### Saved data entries
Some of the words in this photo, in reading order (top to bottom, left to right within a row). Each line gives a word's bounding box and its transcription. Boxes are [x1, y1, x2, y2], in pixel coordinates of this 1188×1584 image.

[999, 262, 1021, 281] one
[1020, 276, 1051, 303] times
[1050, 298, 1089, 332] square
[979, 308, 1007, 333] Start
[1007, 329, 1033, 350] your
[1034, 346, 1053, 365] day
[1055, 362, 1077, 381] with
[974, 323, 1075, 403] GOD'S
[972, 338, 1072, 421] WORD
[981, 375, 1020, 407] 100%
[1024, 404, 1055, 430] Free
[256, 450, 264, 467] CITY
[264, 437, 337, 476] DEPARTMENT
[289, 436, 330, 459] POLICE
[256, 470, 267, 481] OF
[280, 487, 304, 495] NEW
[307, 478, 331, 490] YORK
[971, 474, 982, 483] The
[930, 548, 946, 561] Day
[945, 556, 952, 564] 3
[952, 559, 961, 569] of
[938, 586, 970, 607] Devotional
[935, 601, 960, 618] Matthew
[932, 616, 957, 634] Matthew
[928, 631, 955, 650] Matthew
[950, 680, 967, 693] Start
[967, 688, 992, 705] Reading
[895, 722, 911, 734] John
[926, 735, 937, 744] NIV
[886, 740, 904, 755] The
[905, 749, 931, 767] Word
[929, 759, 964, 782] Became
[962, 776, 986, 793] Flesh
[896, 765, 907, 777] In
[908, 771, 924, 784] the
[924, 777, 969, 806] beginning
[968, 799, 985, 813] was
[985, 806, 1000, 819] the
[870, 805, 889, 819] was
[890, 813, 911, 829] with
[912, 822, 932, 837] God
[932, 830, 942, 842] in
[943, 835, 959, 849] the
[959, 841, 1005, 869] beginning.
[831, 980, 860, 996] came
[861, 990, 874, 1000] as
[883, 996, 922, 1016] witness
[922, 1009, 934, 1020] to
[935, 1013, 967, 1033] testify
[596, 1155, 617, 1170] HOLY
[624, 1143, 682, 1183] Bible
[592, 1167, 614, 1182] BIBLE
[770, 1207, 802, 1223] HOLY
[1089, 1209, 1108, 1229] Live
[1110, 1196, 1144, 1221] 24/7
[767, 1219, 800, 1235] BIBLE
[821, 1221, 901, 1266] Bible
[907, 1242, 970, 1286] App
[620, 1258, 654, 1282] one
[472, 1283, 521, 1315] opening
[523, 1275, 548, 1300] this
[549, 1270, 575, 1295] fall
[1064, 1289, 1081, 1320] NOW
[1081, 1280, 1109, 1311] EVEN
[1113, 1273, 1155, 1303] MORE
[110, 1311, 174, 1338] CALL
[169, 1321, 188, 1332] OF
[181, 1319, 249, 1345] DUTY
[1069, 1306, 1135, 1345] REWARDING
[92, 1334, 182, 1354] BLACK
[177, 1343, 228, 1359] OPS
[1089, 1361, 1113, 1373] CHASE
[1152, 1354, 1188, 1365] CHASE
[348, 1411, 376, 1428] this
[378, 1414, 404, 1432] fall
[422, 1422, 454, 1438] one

### Directions
What is the number of lines above that hold the word "HOLY"? Answer with that number alone.

### Finished exercise
2